◆ **Exercise details**: Exclude the pictures; give every entry again exactly as written.

Spatial localization data
------------------------------------------------------------

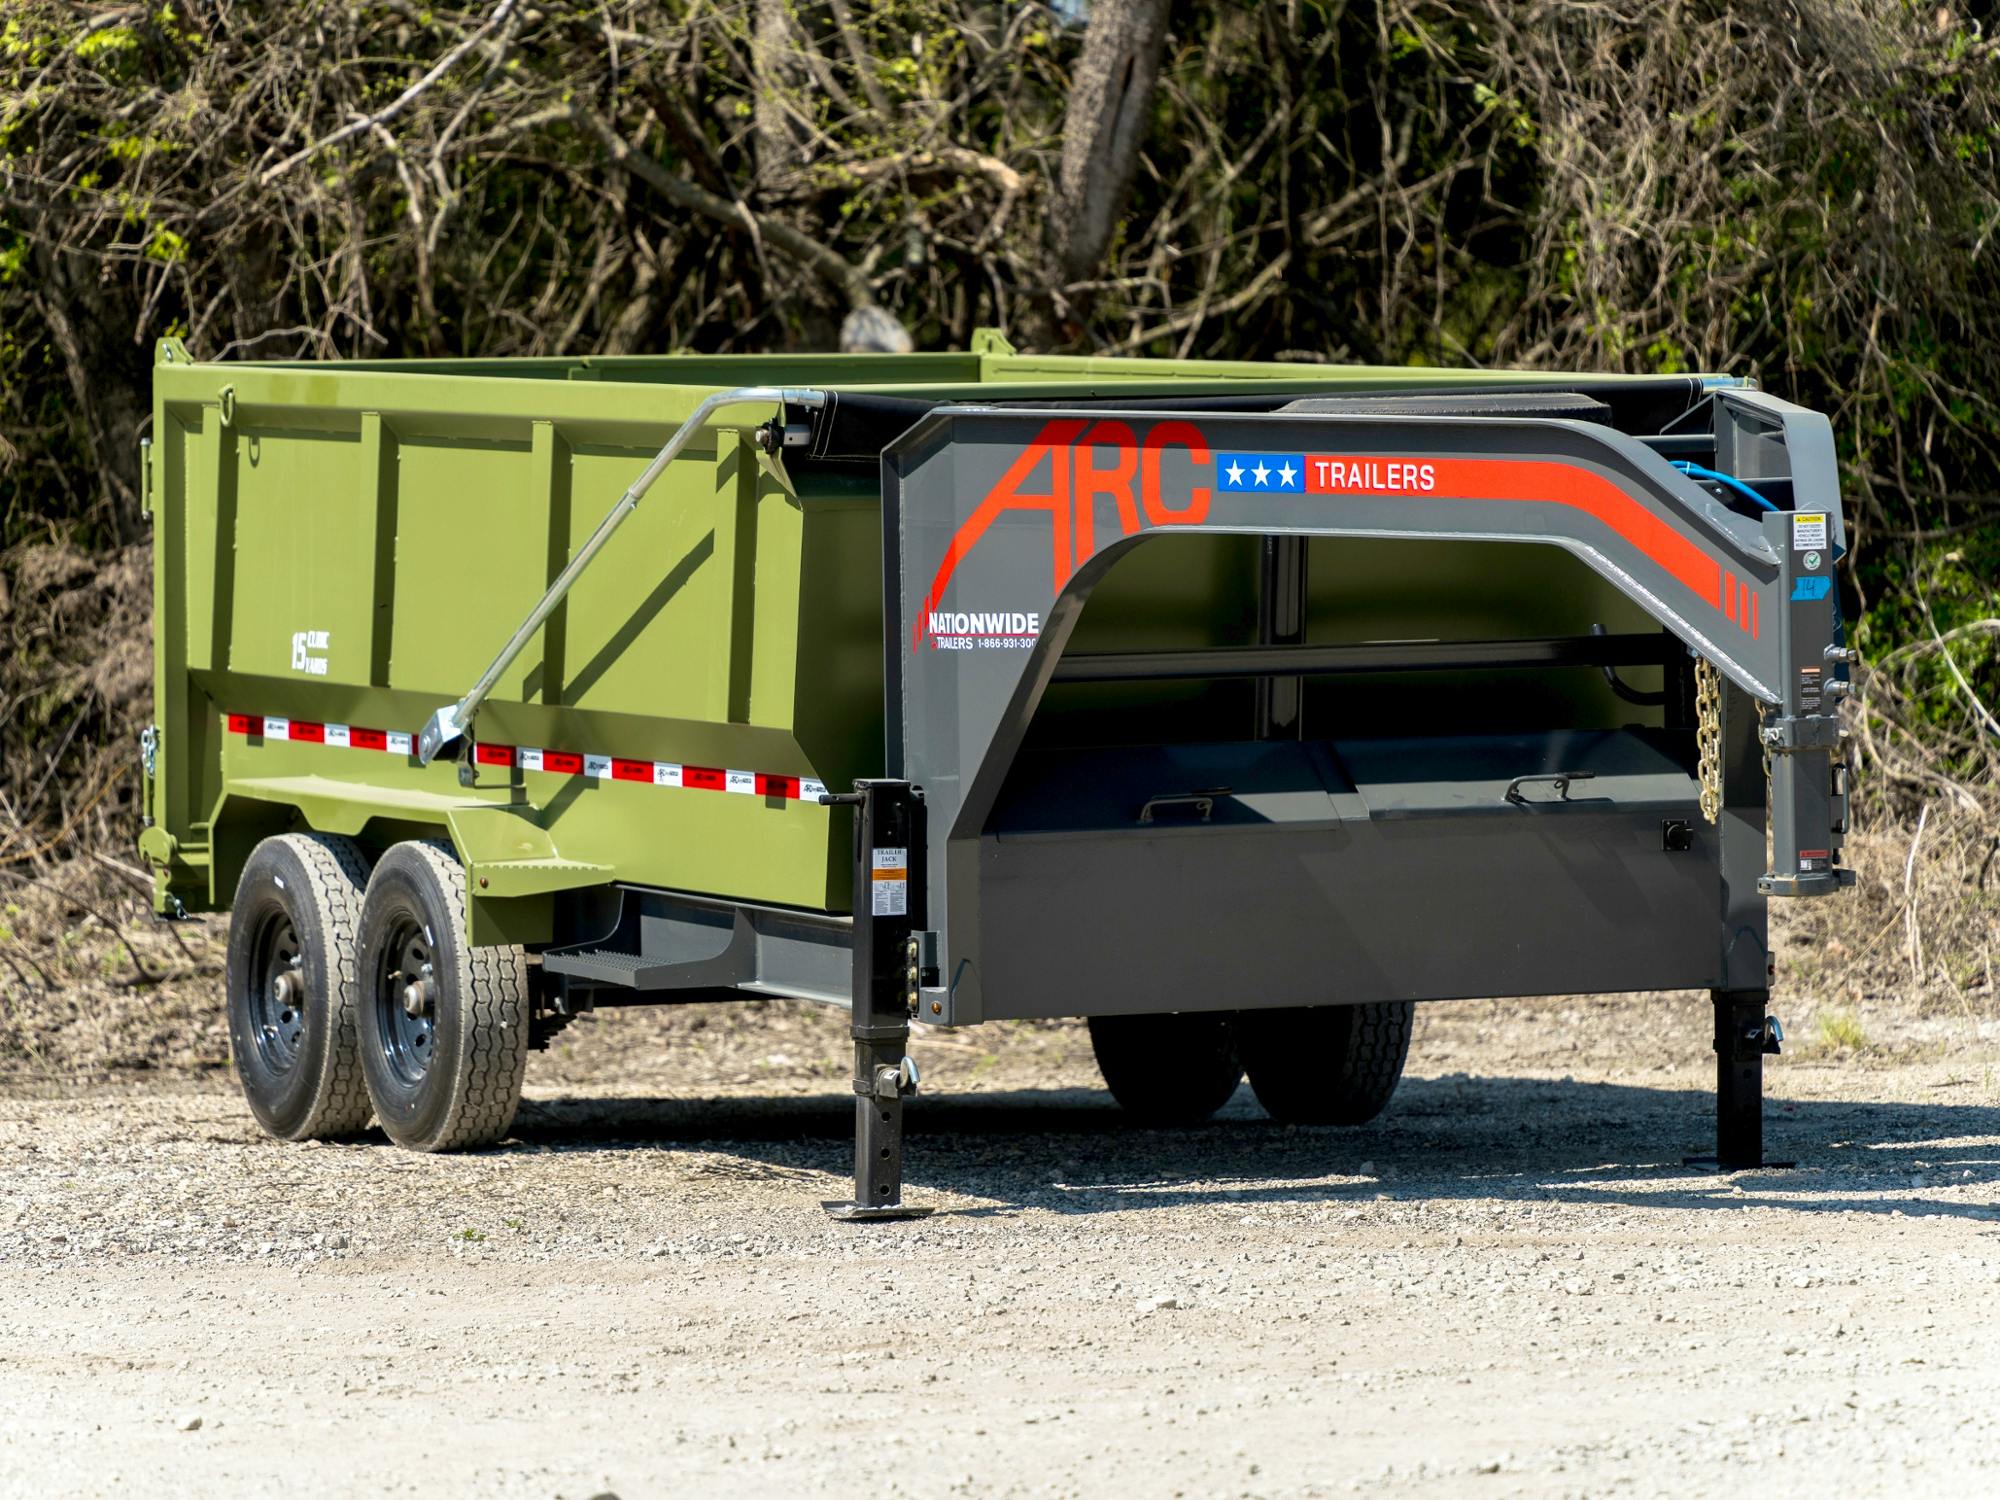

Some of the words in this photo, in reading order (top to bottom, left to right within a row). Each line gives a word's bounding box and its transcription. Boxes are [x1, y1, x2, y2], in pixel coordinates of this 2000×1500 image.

[1314, 461, 1436, 491] TRAILERS
[926, 417, 1212, 612] ARC
[1802, 578, 1816, 597] 14
[928, 612, 1040, 635] NATIONWIDE
[292, 632, 306, 669] 15
[936, 636, 974, 650] TRAILERS
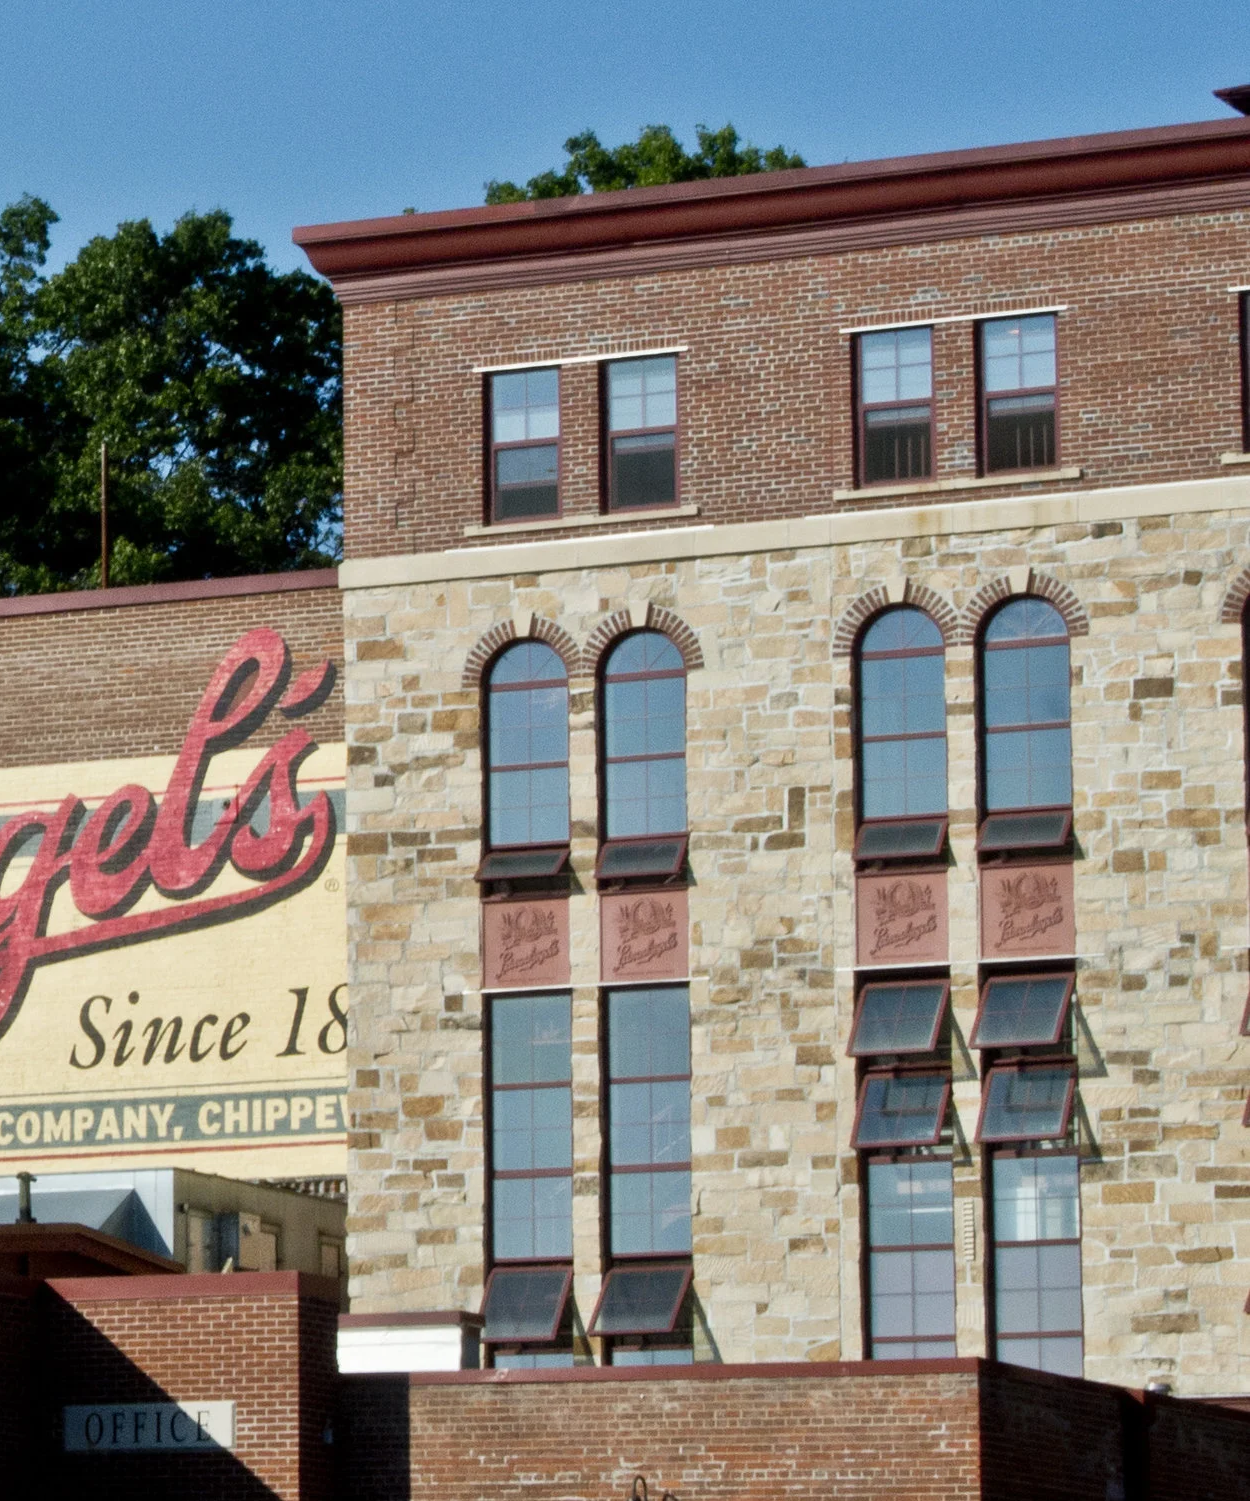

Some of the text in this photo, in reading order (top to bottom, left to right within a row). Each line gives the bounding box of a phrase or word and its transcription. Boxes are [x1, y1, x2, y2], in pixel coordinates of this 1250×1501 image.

[69, 990, 250, 1070] Since
[199, 1094, 349, 1134] CHIPPE
[84, 1410, 212, 1445] OFFICE
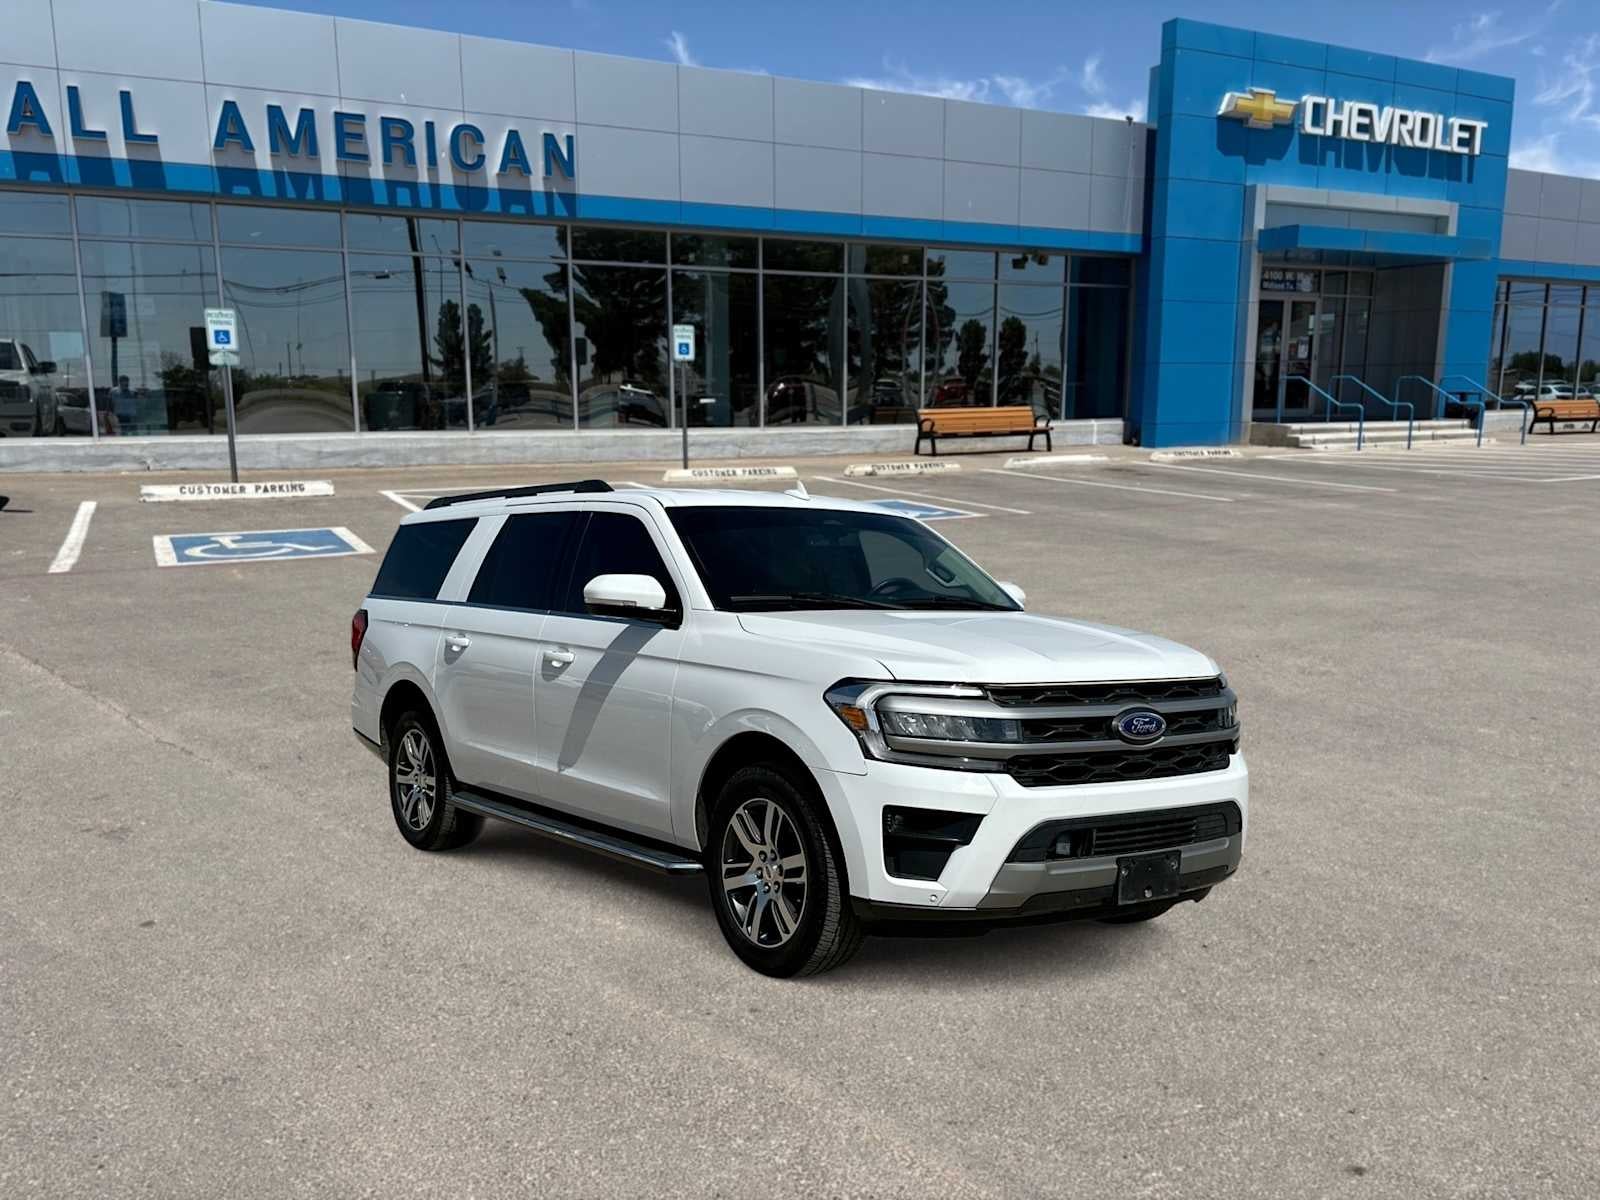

------------------------------------------------------------

◆ **Solved problem**:
Some of the words in this photo, in reading order (top to bottom, left to right within a row). Each line gives a word's bounding box and its transcription. Boxes are [x1, y1, x2, y2], in pixel coordinates of this 2000×1500 image.

[1314, 461, 1436, 491] TRAILERS
[926, 417, 1212, 612] ARC
[1802, 578, 1816, 597] 14
[928, 612, 1040, 635] NATIONWIDE
[292, 632, 306, 669] 15
[936, 636, 974, 650] TRAILERS

Some of the text in this photo, in reading order (top to bottom, left to right within a row). Each line gives the bounding box of a phrase or word and its transcription. Boxes are [x1, y1, x2, y2], in pixel coordinates of this 1250×1501 image.

[69, 990, 250, 1070] Since
[199, 1094, 349, 1134] CHIPPE
[84, 1410, 212, 1445] OFFICE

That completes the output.